A CNBB também buscou uma aproximação com o então presidente Jair Bolsonaro (PL) no início da gestão. Dom Jaime, então vice-presidente da entidade, foi um dos interlocutores, mas o diálogo não prosperou. A falta de ações de Bolsonaro na pandemia foi o ponto de ruptura com a entidade.

O fim do mandato de Bolsonaro foi marcado por tensões com a Igreja Católica e por um forte desgaste depois da presença -não desejada por lideranças católicas -do então presidente e candidato no Círio de Nazaré, em Belém, em outubro, e da confusão feita por bolsonaristas no santuário nacional de Nossa Senhora Aparecida, em Aparecida (SP), no dia da padroeira, em 12 de outubro.
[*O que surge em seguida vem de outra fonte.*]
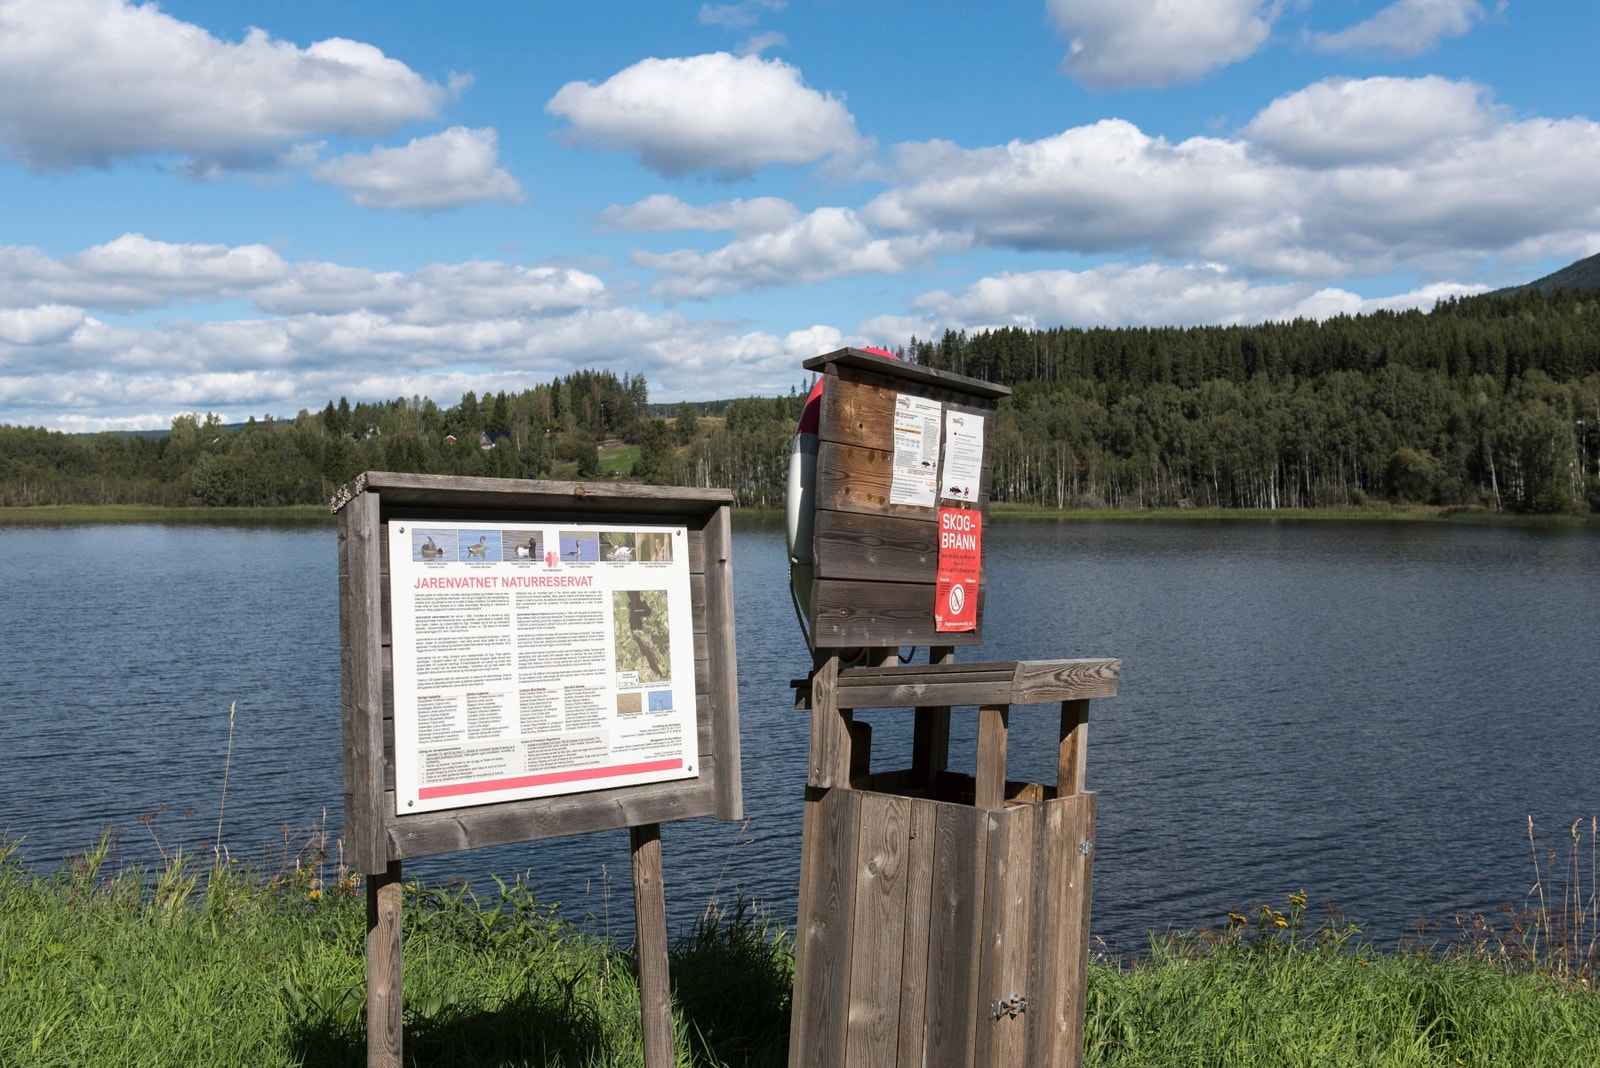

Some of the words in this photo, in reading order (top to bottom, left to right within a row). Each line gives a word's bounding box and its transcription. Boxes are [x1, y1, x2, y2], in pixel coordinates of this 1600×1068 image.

[942, 513, 976, 531] SKOG-
[941, 532, 976, 550] BRANN
[414, 577, 498, 589] JARENVATNET
[501, 576, 593, 588] NATURRESERVAT
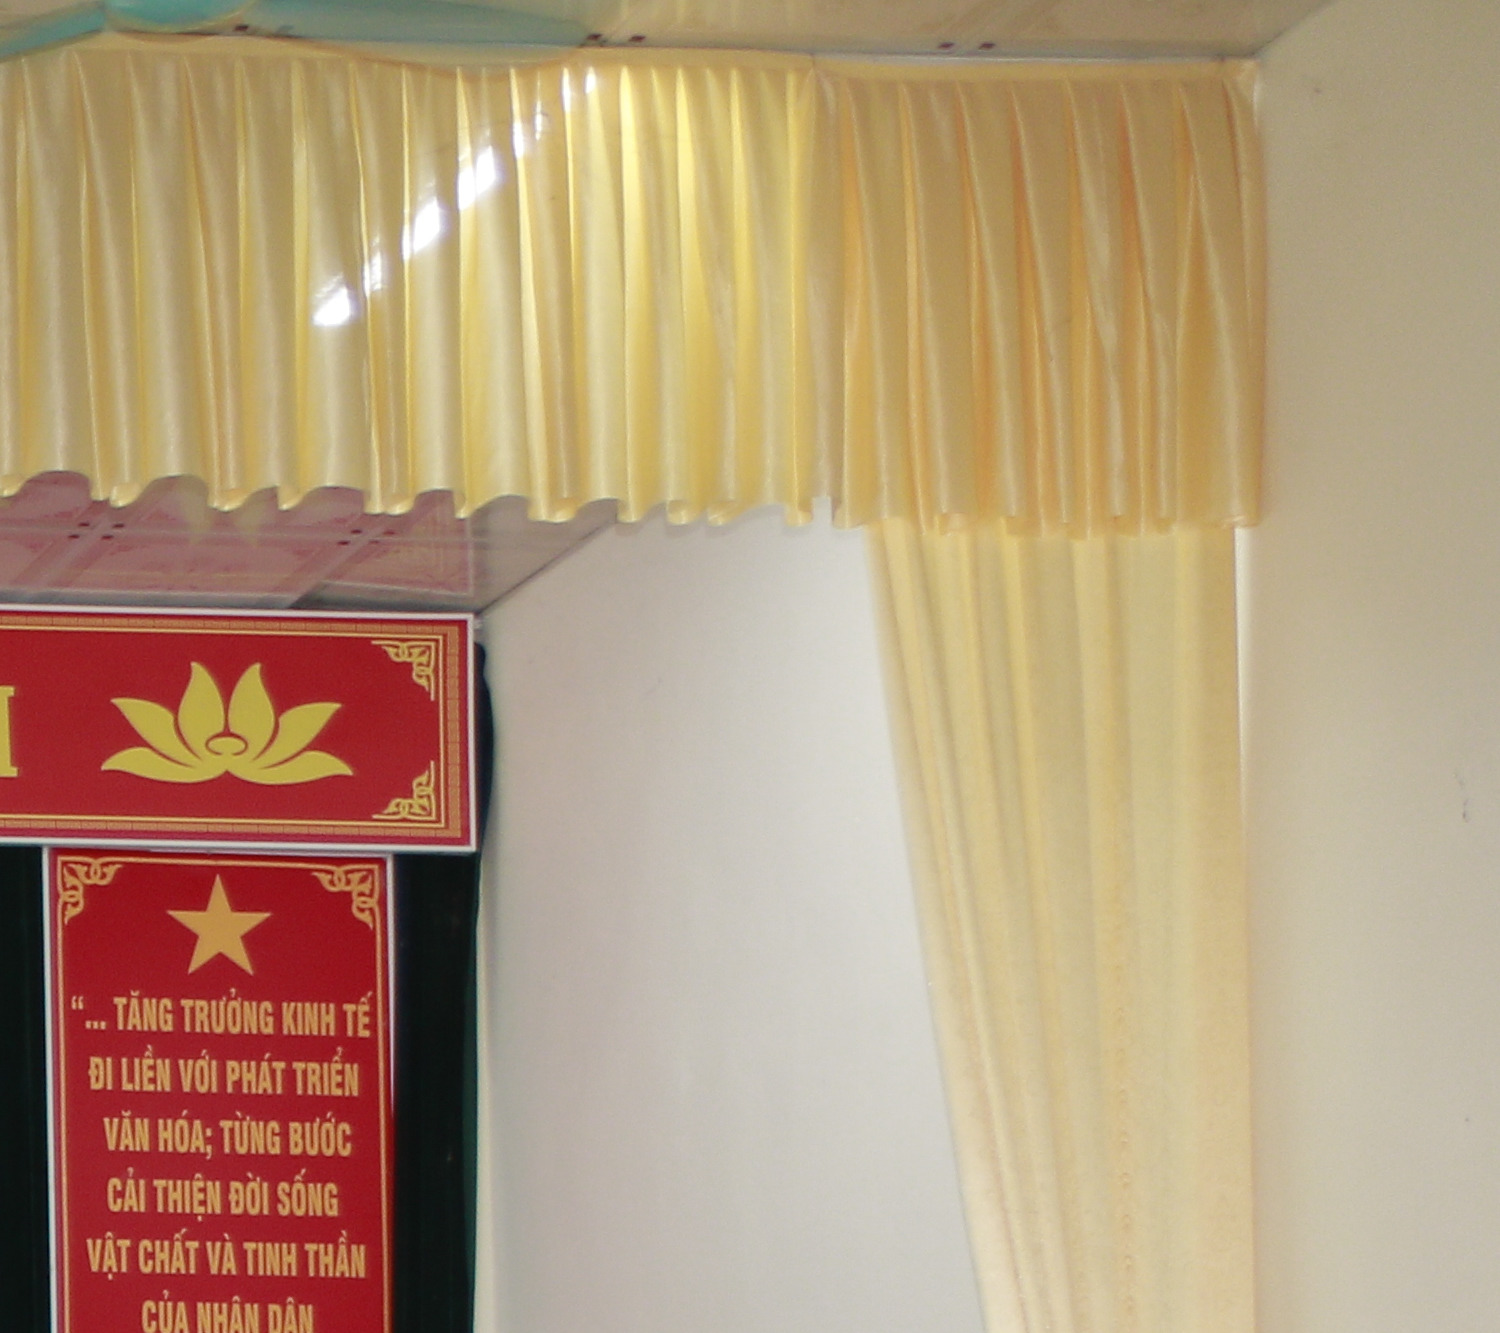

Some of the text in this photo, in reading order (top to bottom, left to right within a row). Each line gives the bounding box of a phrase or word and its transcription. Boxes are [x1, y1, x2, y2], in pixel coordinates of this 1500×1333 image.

Às vésperas do segundo turno, sem citar Bolsonaro, Dom Jaime disse que o povo brasileiro assistia à instrumentalização da fé na busca de votos e pregou boicote a quem propaga “fake news”. “Quem promove mentiras não merece o voto, pois não é confiável”, disse, na época.

O presidente nacional da CNBB faz um balanço crítico da gestão Bolsonaro, com o descaso no combate à pandemia, a falta de vacinação, o negacionismo e as mais de 700 mil mortes por covid-19. “Não estava à altura do que o momento histórico exigia”, diz. Dom Jaime cita também o aumento da pobreza e as tentativas de destruição de biomas e dos povos originários sob Bolsonaro. “São situações que maculam a história recente”, diz. “É contraditório com aquilo que se espera de um chefe da nação.”
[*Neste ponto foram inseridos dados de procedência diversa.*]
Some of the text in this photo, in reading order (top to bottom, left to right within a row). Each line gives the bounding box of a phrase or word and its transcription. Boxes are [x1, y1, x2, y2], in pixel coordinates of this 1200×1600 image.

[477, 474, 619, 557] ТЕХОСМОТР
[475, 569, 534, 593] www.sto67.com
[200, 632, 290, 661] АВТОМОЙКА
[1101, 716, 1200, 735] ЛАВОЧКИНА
Dom Jaime pondera que muitos eleitores continuam apoiando Bolsonaro apesar dos problemas da gestão porque o ex-presidente defende bandeiras que são caras a uma parcela expressiva da população, como “Deus, família e pátria”.

“Os famosos elementos [Deus, pátria e família] que marcavam os discursos do então presidente merecem atenção”, diz. “Esse tipo de discurso alcançou uma repercussão muito grande no seio da sociedade porque trazia certamente esperança e tocava em valores que, para muitos de nós, se talvez não conseguimos elaborar no discurso, trazemos no coração como referência maior para nossas buscas”, afirma o religioso católico.
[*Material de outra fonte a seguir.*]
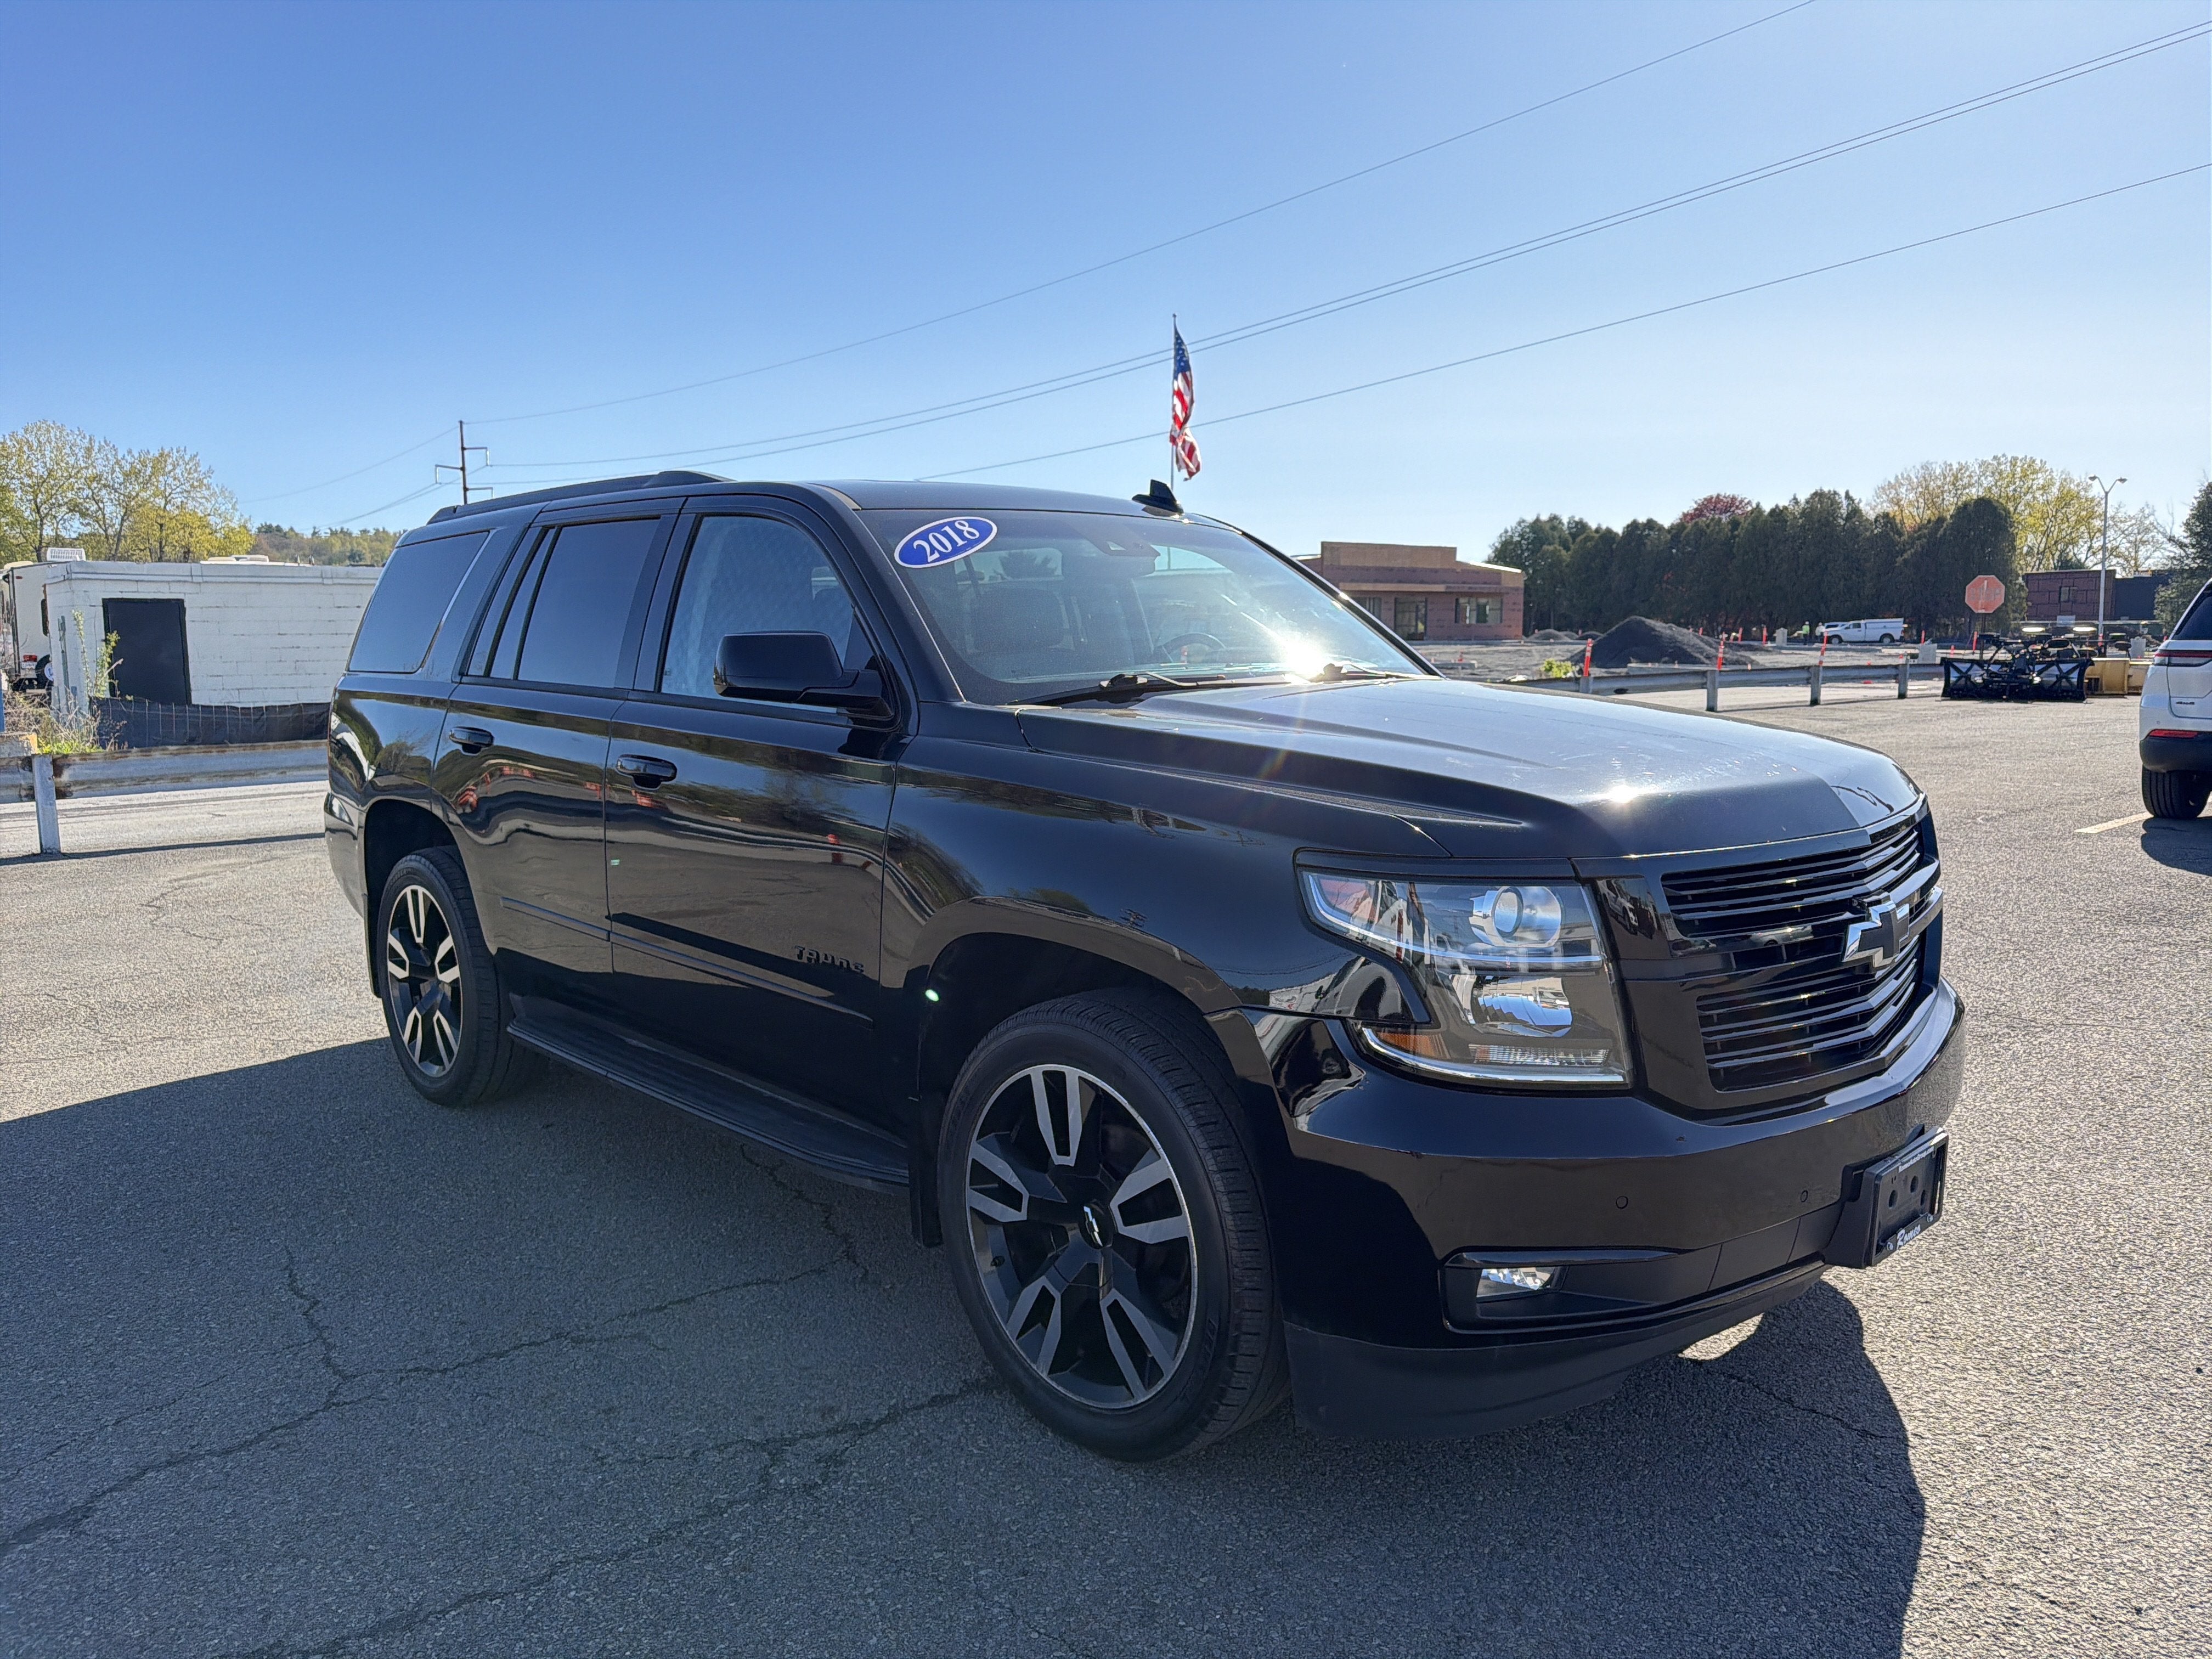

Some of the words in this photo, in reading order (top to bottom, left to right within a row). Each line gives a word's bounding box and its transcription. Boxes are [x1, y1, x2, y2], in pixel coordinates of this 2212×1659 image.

[913, 520, 980, 562] 2018
[1968, 588, 2002, 601] STOP
[1897, 1224, 1921, 1250] Romeo
Dom Jaime critica as tentativas de instrumentalização da fé. “Sempre que religião e política estiveram juntas, os resultados não foram muito positivos”, diz. É crítico também da atuação de religiosos em “coalizão” no Parlamento, como a bancada evangélica. “Os princípios de bancada, de coalizão dão sinais expressivos de que não promovem aquilo que se espera de uma atividade política equilibrada”, diz. “Há interesses por trás desses grupos.”

O líder católico afirma não ter opinião formada sobre o PL das “fake news”, em tramitação na Câmara, que é criticado pelos evangélicos. “Mas somos contrários à mentira, às ‘fake news’. Isso para nós é muito claro”.

Eleito presidente da CNBB há dez dias, em 24 de abril, o arcebispo diz que a Igreja Católica precisa mudar sua linguagem para conseguir falar de forma mais direta e clara com a população; usar novas tecnologias de comunicação e reforçar a vida comunitária. Ao falar sobre o crescimento de evangélicos no país e a redução dos católicos, avalia que os evangélicos conseguem ter uma comunicação mais efetiva com o povo e uma presença maior nas comunidades.

A eleição da nova diretoria da CNBB foi criticada por escolher apenas brancos. Lideranças negras da igreja reclamaram, em carta, do “absolutismo da brancura”. Dom Jaime reconhece a desigualdade não só com os negros, mas também com os povos originários. “Mas não podemos tornar essa pauta ideológica, ideologizada.”